# [WHAT IS NEEDED]
For the records below, reproduce exactly the line that contains "Some of the words" and all subsequent lines, with nothing left out and nothing added.

# [AVAILABLE DATA]
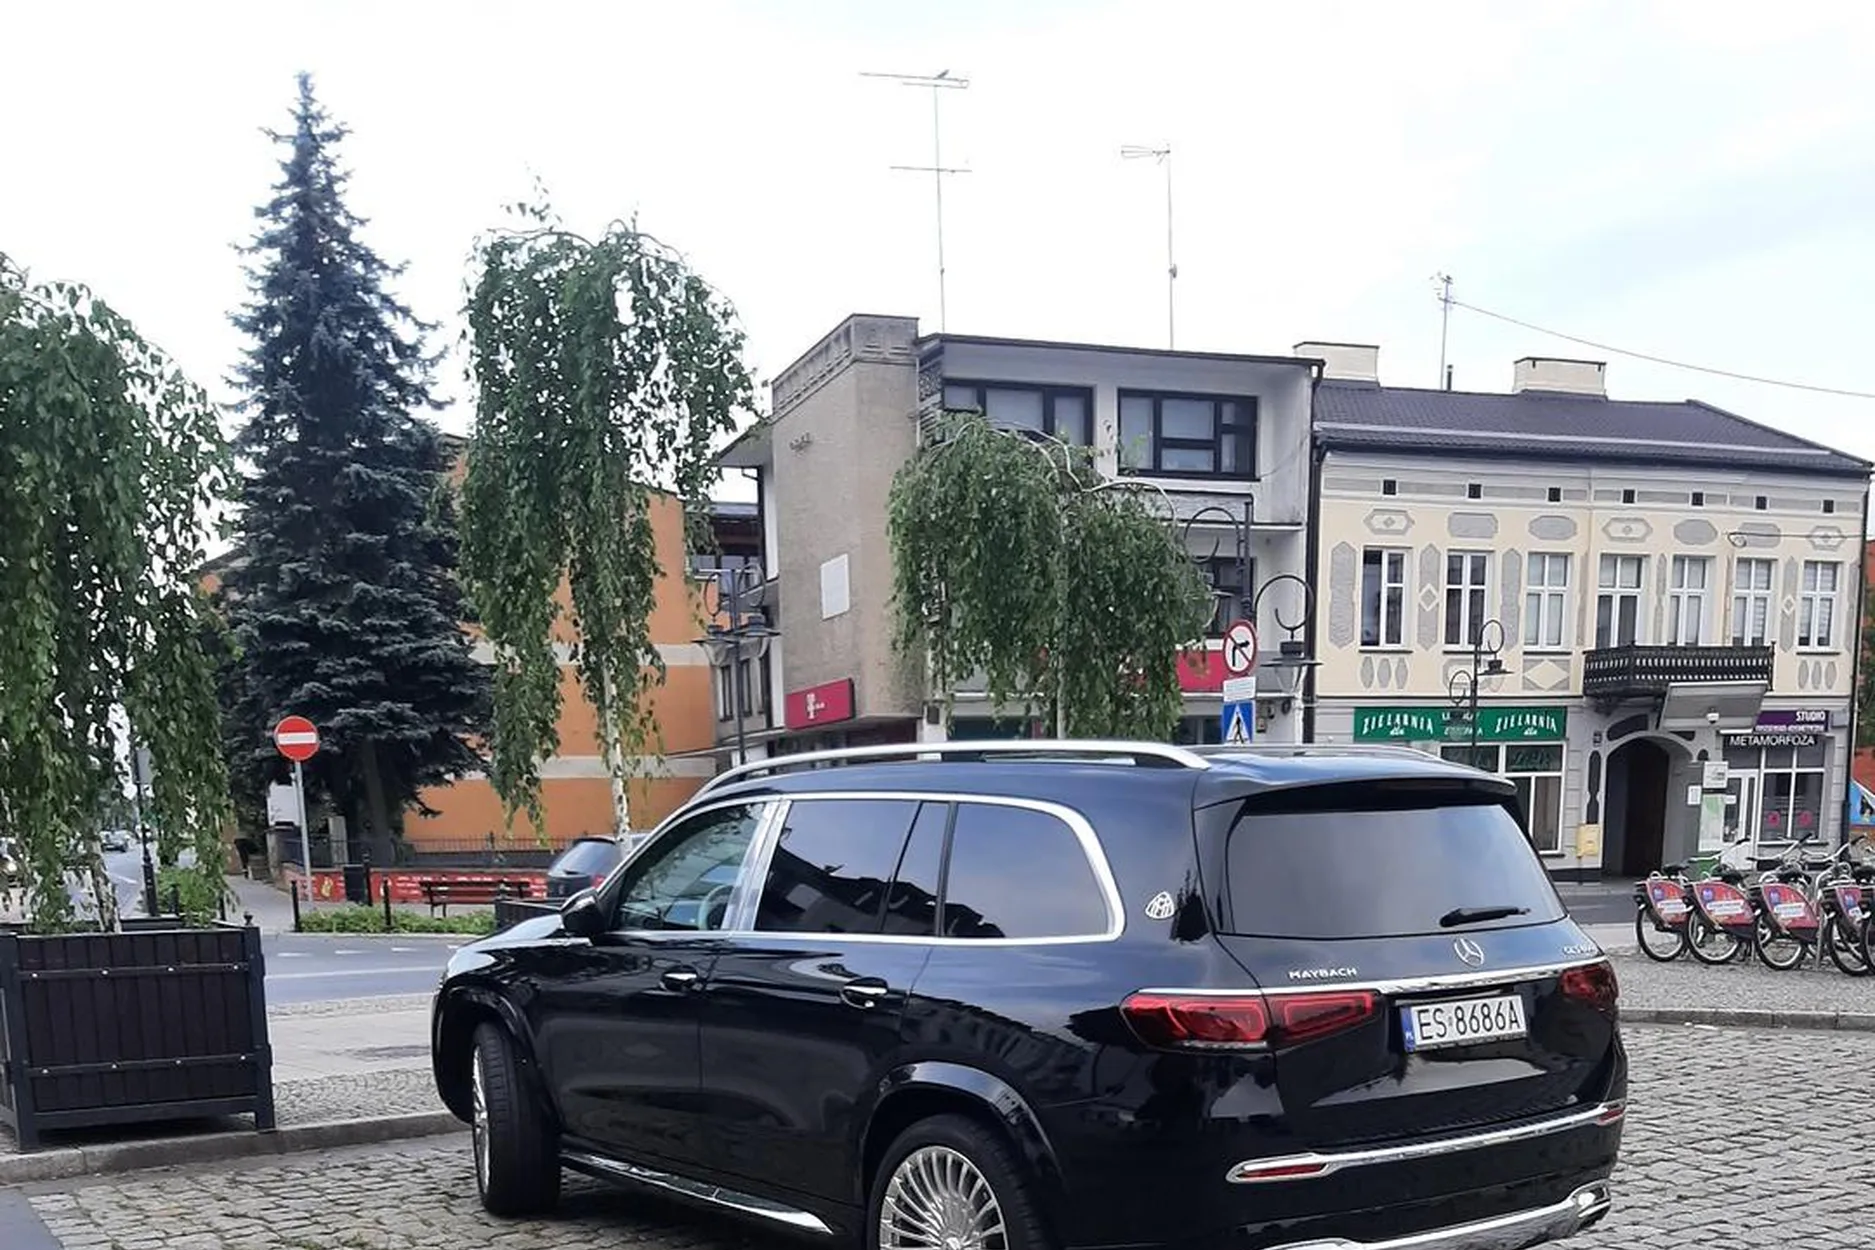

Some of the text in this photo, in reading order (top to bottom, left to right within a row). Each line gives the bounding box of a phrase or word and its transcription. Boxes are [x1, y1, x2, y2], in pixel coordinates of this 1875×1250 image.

[1362, 713, 1434, 735] ZIELARNIA
[1494, 713, 1557, 734] ZIELARNIA
[1796, 711, 1826, 722] STUDIO
[1729, 735, 1816, 746] METAMORFOZA
[1288, 967, 1358, 980] MAYBACH
[1417, 1000, 1520, 1040] ES 8686A
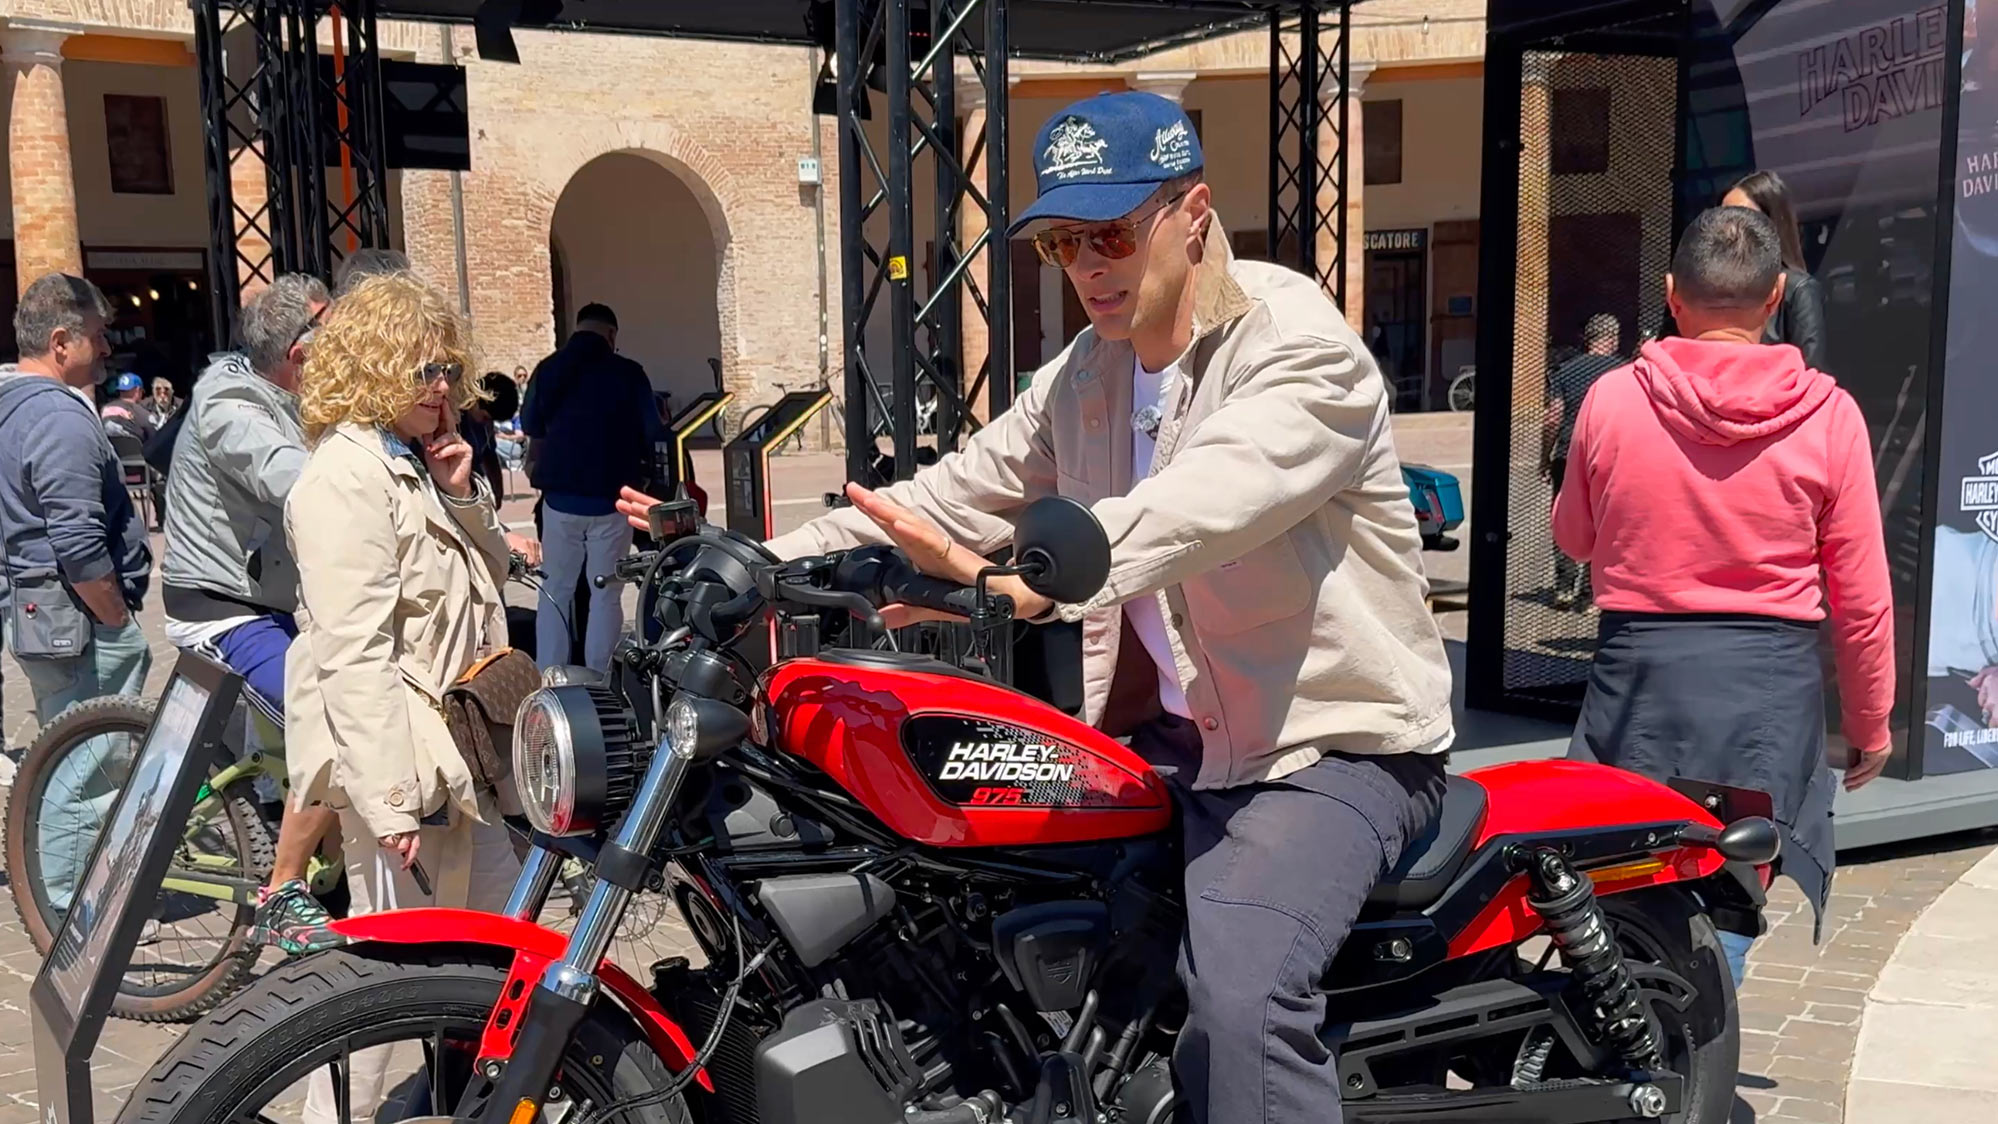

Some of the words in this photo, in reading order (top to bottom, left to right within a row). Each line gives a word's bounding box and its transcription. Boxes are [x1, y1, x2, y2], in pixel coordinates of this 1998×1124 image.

[1799, 5, 1947, 116] HARLE
[1842, 58, 1944, 133] DAVI
[1363, 232, 1419, 250] SCATORE
[948, 743, 1058, 763] HARLEY-
[939, 762, 1075, 782] DAVIDSON
[970, 787, 1023, 804] 975
[224, 1007, 329, 1085] DUNLOP

# [ANSWER AREA]
Some of the words in this photo, in reading order (top to bottom, left to right within a row). Each line gives a word's bounding box and its transcription. Boxes are [x1, y1, x2, y2], in pixel coordinates of this 1998×1124 image.

[1799, 5, 1947, 116] HARLE
[1842, 58, 1944, 133] DAVI
[1363, 232, 1419, 250] SCATORE
[948, 743, 1058, 763] HARLEY-
[939, 762, 1075, 782] DAVIDSON
[970, 787, 1023, 804] 975
[224, 1007, 329, 1085] DUNLOP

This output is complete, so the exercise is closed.